Authors: David Cobham, Kevin Jacques, Stephen Smith

Abstract:

Virtual learning environments (VLEs) form part of modern pedagogy in education; they contain student usage data that has the potential to inform and improve this pedagogy. The question this paper explores is how might the development of data mining and log analysis systems for the Moodle virtual learning environment, encourage course designers’ future engagement with data analysis methods for the evaluation of course resources? The paper hypothesises that presenting a simple-to-use data mining and visualisation tool to course designers increases their future acceptance of data mining technology for informing course design with a longer-term intent and that this would improve the quality of the online learning experience ultimately improving student engagement. Exploring the hypothesis required the development of MooLog – a tool that extracts and presents summative information on VLE course utilisation. To ascertain if the acceptance of data mining for course evaluation could be improved, surveys were used before and after a demonstration of MooLog to a group of course designers. The pre-demonstration survey assessed the existing planning and evaluation processes.
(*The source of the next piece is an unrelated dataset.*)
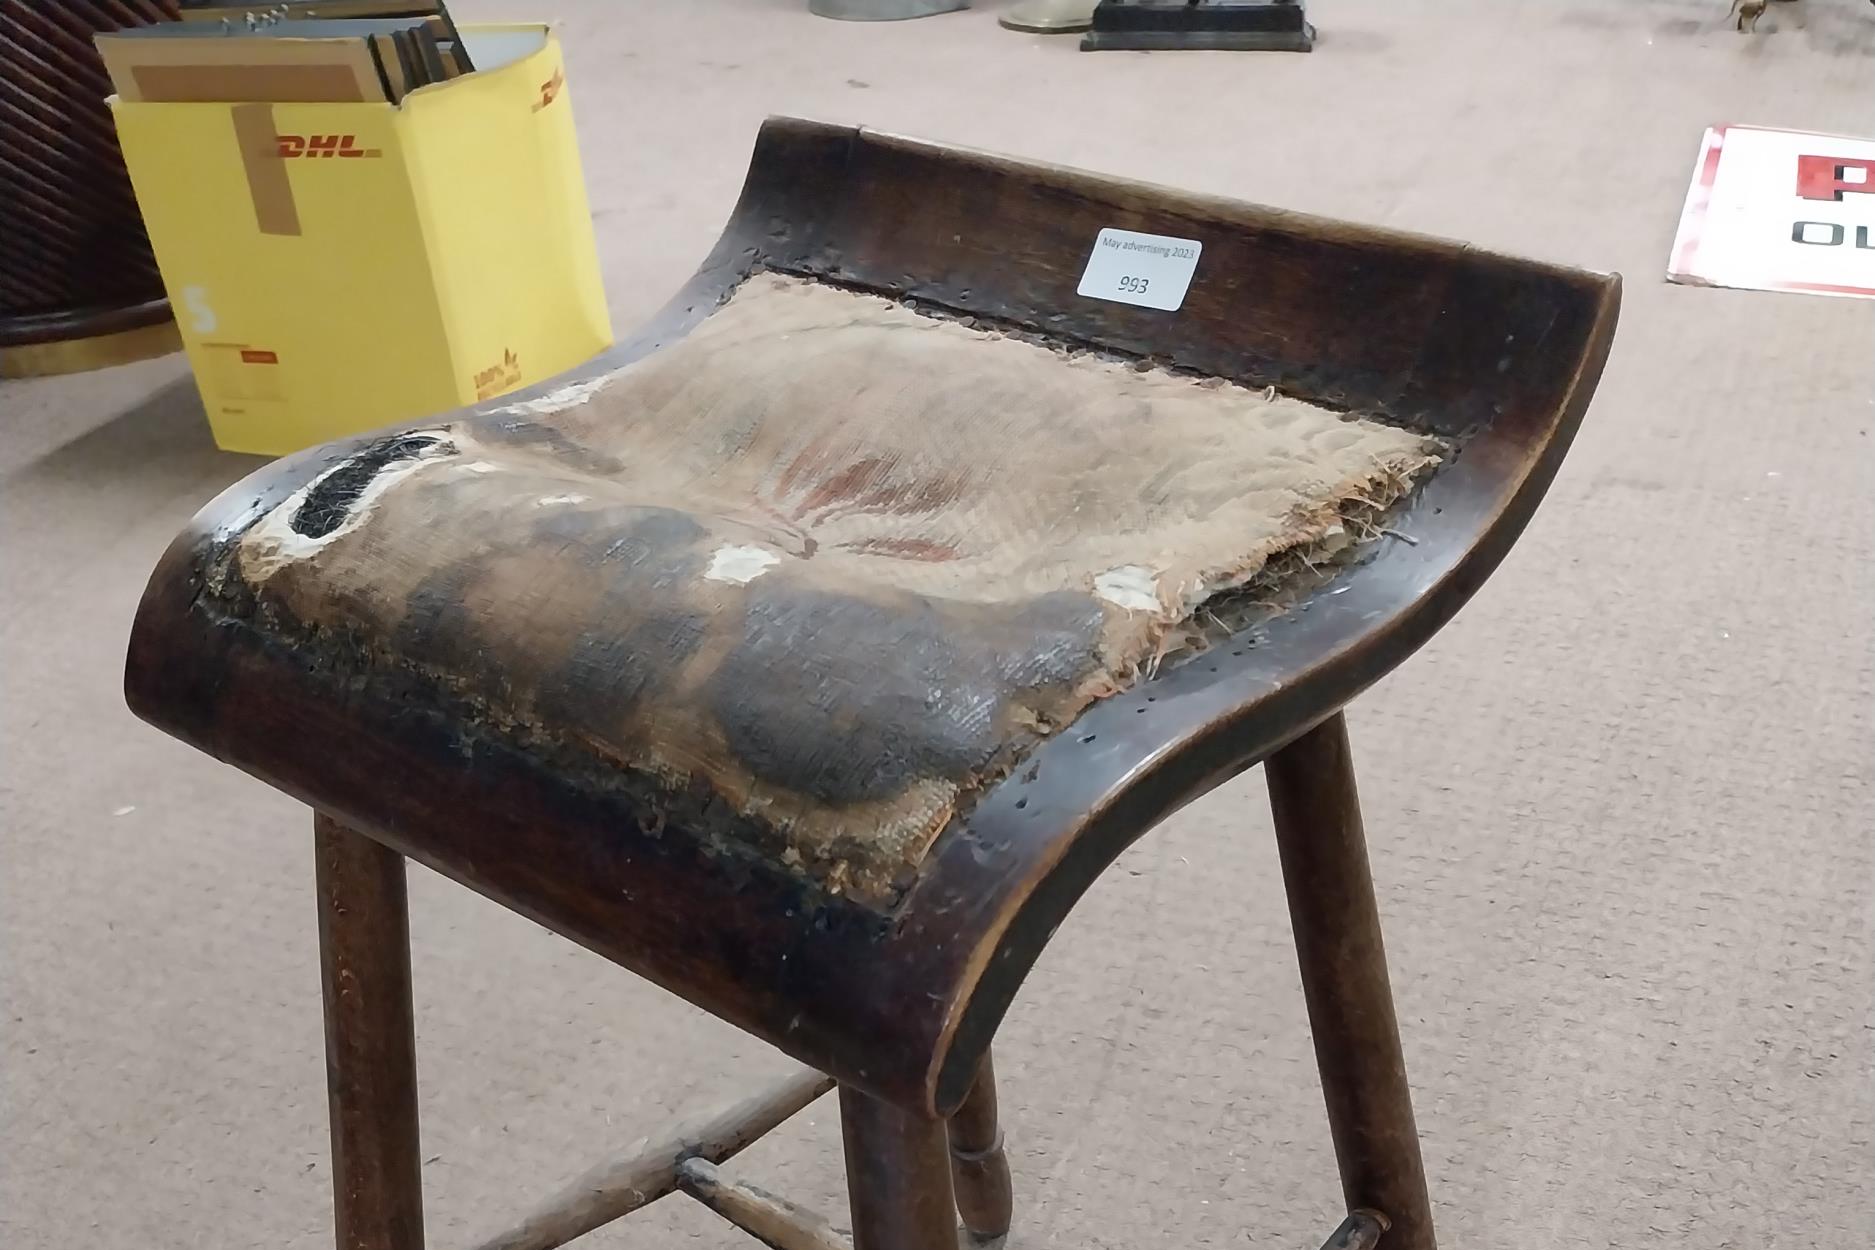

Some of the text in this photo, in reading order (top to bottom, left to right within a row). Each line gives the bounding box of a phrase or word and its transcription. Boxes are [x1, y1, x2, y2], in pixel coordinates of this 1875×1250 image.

The post-demonstration survey collected evaluations of the relevance of the information provided by MooLog and the likelihood of the software being used to evaluate course effectiveness. The results of the study established that many designers currently do not use data analysis as a method of informing course improvement, and there was evidence to suggest the MooLog demonstration significantly increased acceptance of the potential of data mining. The findings within the thesis show that educational data-mining has the potential to improve the quality of VLE mediated education; it identifies opportunities to raise course designers’ acceptance of data mining to improve the validity and quality of course evaluation.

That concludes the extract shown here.